Furthermore, some patients develop treatment resistance, by questioning the effectiveness of pharmacotherapy. Since mental disorders can last a long period of time, patients can develop treatment resistant mental disorders during the course of treatment. A common example is refractory schizophrenia in which 30% of the patients in a study had developed resistance. Not only does this raise doubts on the drug’s efficiency, it also questions the justification of the methods that counteract the resistance such as increasing dosage or switching to a new medication. It is uncertain whether the other medications work. Also, if the psychoactive drug alternative did not work, is increasing dosage of the original medication the only way out? Treatment resistance mental disorder seems not to differ as much as antibiotics resistance diseases. Increasing the dosage or switching medication could possibly introduce new side effects or worsen them. Hence, instead of prioritizing pharmacotherapy over psychotherapy, we should focus on and appreciate more psychotherapy, such that patients do not solely rely on psychoactive drugs but also have talk sessions to understand more about what their disorders really entail. Merely depending on drugs that could be ineffective after a period of time is not the best long term solution in a battle against mental disorder.
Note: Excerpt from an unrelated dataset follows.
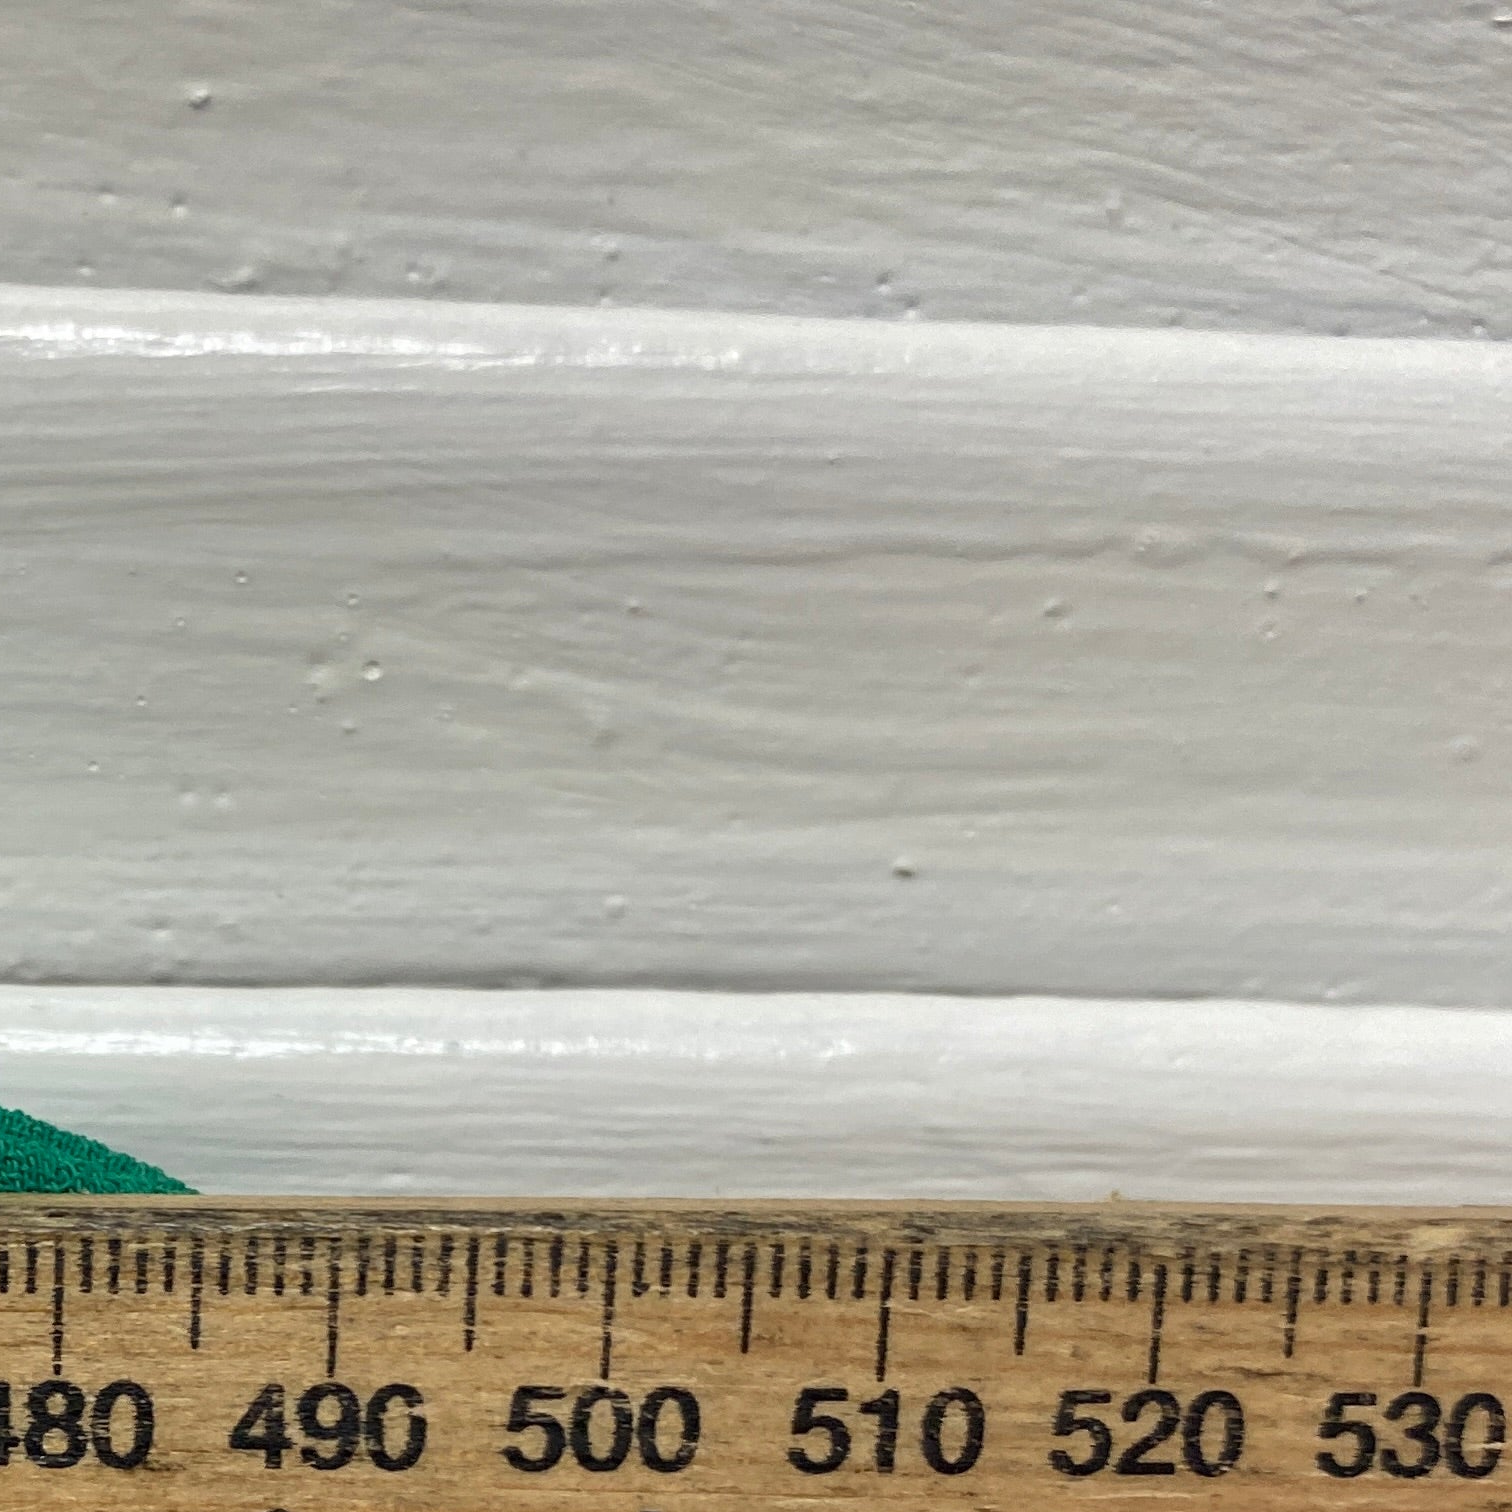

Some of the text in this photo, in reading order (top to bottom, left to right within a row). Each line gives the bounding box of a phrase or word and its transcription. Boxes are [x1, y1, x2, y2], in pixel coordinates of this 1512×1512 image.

Psychotherapy is beneficial for patients to develop a cognitive control over their disorders. The therapy is highly personalised, in which patients may think the therapists or psychiatrists are more interested in them as individuals rather than treating them as patients with symptoms. During talk sessions, patients are encouraged to talk about their problems that therapists help by giving advice or analysising patterns that may trigger the occurrence of symptoms. This can help the patient to understand more about their manifestation of their symptoms, which can help to reduce anxiety or know better how to manage when symptoms hit hard. This encourages patients to have a “I can do it” mentality – stronger cognition; it gives patients back a sense of control and self-reassurance. This can be beneficial in fighting mental disorders in a long run.
In conclusion, we should be more cautious about pharmacotherapy as the positive results from drug studies could be overrated, mis-prescribed, and potentially cause side effects despite treating the symptoms of a mental disorder. Pharmacotherapy should also be treated in parallel with psychotherapy since drug efficiency can vary over time. Rather than only focusing on relieving patients from their symptoms, professionals should give more credit to psychotherapy for helping the patients build a stronger mind control over their own disorder and targeting the source of their mental disorder rather cognitively than chemically.